Second, the visuals are fantastic. If you’ve seen any of Luhrman’s work, you know that he’s a very flashy director. And, of course, that style naturally fits Elvis Presley’s life story. I mean… just look at the guy. Glitz and glimmer were kind of his thing. But, this also leads to some really interesting storytelling decisions. In a sea of boring, static biopics, it’s great to see one take so many stylistic risks. For example, instead of just showing us the front page of the newspaper like we’ve seen a thousand times before, Luhrman chose to film what the photograph would’ve been of with the rest of the paper as a frame. It really helps bring the history to life. Plus, it really, really sells the 1950s-1970s Rock and Roll scene with the “you had to be there” feel to it. And don’t even get me started on how pretty it makes Las Vegas look. Overall, it just makes the whole movie feel worth it, instead of just another retelling of the same old “rags to riches to rags” musician story we’ve heard before.

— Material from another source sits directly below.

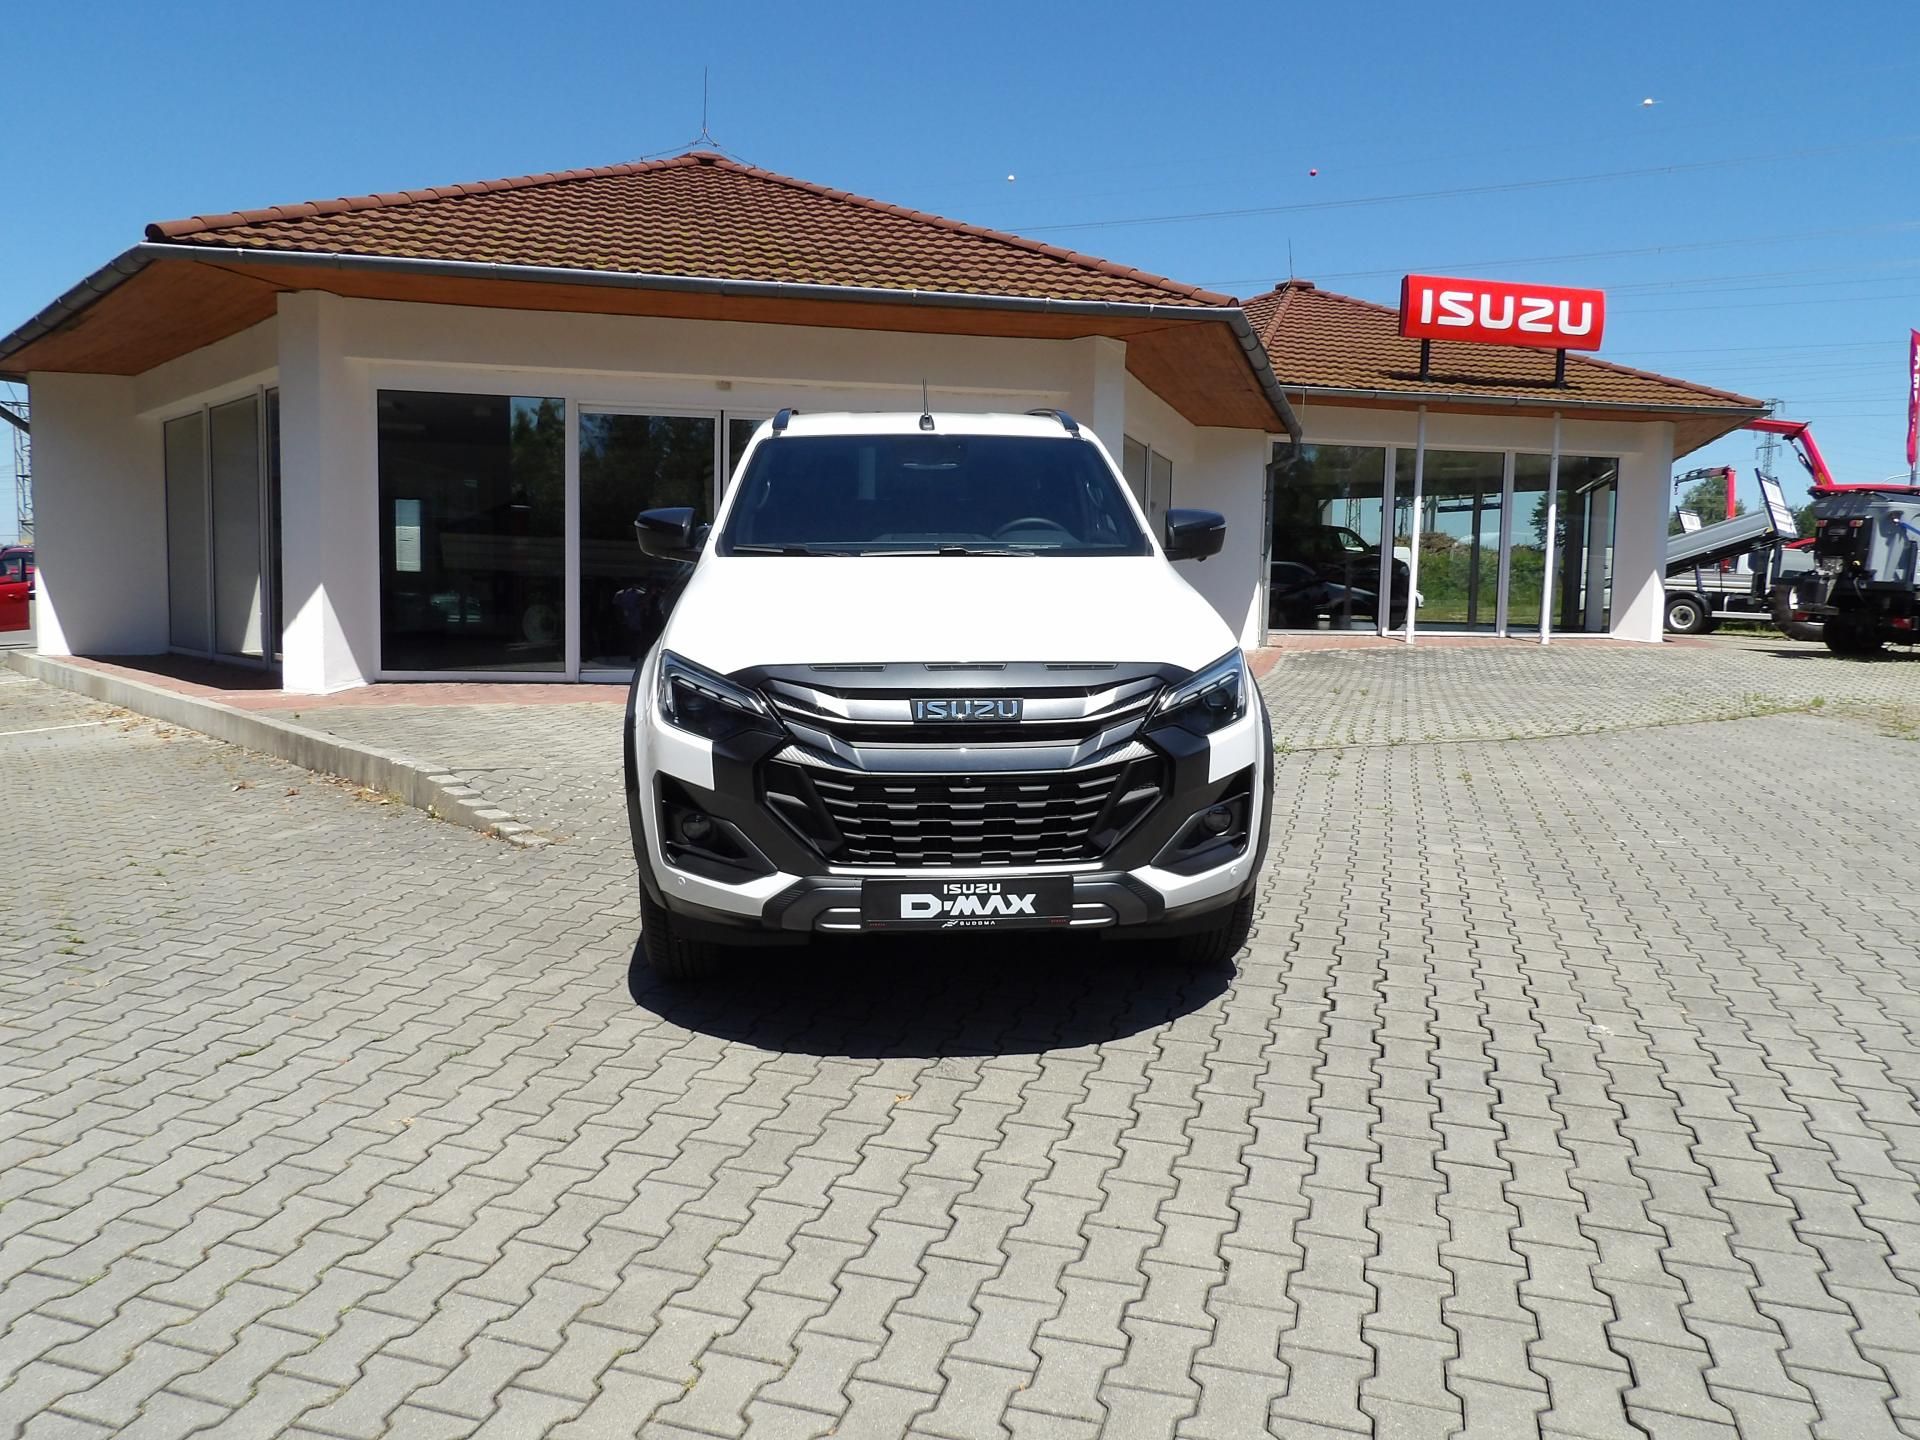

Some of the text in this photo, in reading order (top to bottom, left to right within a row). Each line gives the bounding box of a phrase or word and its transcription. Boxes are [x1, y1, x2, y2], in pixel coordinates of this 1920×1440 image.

[1421, 289, 1592, 336] ISUZU
[916, 701, 1018, 720] ISUZU
[943, 883, 1001, 894] ISUZU
[901, 893, 1037, 919] D-MAX

Like I said though, I don’t think I can completely recommend this movie though. For one, Tom Hanks’ character just does not work here. I’m not sure what, exactly feels so off but it’s definitely something. Maybe it’s the accent he put on or the fifteen pounds of prosthetics. Or the fact that we’re simply not used to seeing Hanks play a villainous character like this. But, if I had to pick my least favorite part, it would be making him the narrator of the entire story. Or, at least, how they portrayed that. Instead of just having him voiceover the flashbacks or do the thing where an old version is telling the story from a chair, they have him hallucinating in a nightmarish, overly CGI casino. Mixed with flashes of his face and rapid cuts to Elvis’ childhood. It all just looks/feels very fake and over dramatic. Plus, it’s honestly extremely discomforting and reminds me of the scenes of Ralph Fiennes’ Voldemort infiltrating Harry’s mind. And, I definitely feel bad for Tom Hanks. There’s no way any of that could’ve worked and he did his best.

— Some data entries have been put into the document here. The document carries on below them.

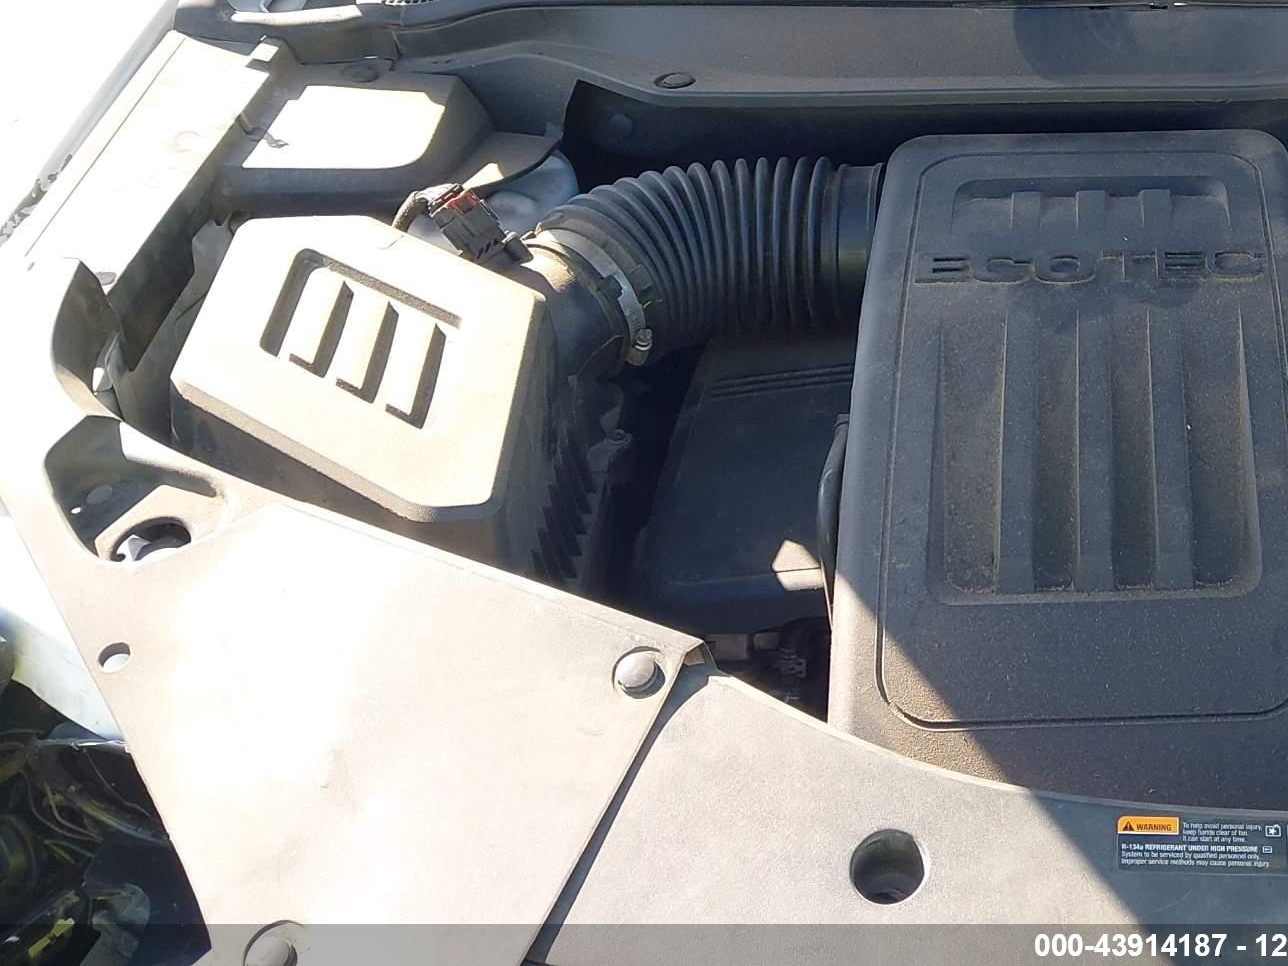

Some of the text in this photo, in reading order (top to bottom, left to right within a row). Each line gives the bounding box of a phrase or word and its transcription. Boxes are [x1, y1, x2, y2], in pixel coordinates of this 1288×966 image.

[914, 250, 1265, 283] ECOTEC
[1136, 823, 1172, 832] WARNING
[1121, 843, 1144, 851] R-134a
[1144, 844, 1187, 852] REFRIGERANT
[1210, 845, 1226, 853] HIGH
[1121, 850, 1143, 858] System
[1184, 852, 1192, 860] by
[1193, 852, 1218, 861] qualified
[1218, 853, 1247, 861] personnel
[1195, 860, 1209, 868] may
[1227, 861, 1253, 869] personal

Lastly, this movie has the most intense pacing issues I’ve ever seen. The first half is an absolute blur with the average scene lasting less than five minutes. I was almost afraid to blink in the fear that I’d miss something important. I very often say that it sometimes feels like “based on a true story” movies are just recapping Wikipedia pages and you could get the same experience out of reading those. But, in this case, even the fastest reader wouldn’t be able to skim Presley’s important life events quicker than the first half of this movie. You barely get an opportunity to feel emotion before it’s on to the next thing. I’ve never seen a character’s rise and fall presented so rapidly. Luckily, it does slow down at the end. So, to me, it feels obvious that those final years are the ones Luhrman really wanted to concentrate on. And, it’s a good spot to spend a lot of time, because those years are as fascinating as they are heartbreaking. But, I wonder if it was worth the Sparknotes version of the rest of his life. Either skip to the end where you clearly wanted the focus to be or even out the pacing a bit. Because, as it is, this movie is wildly disorienting.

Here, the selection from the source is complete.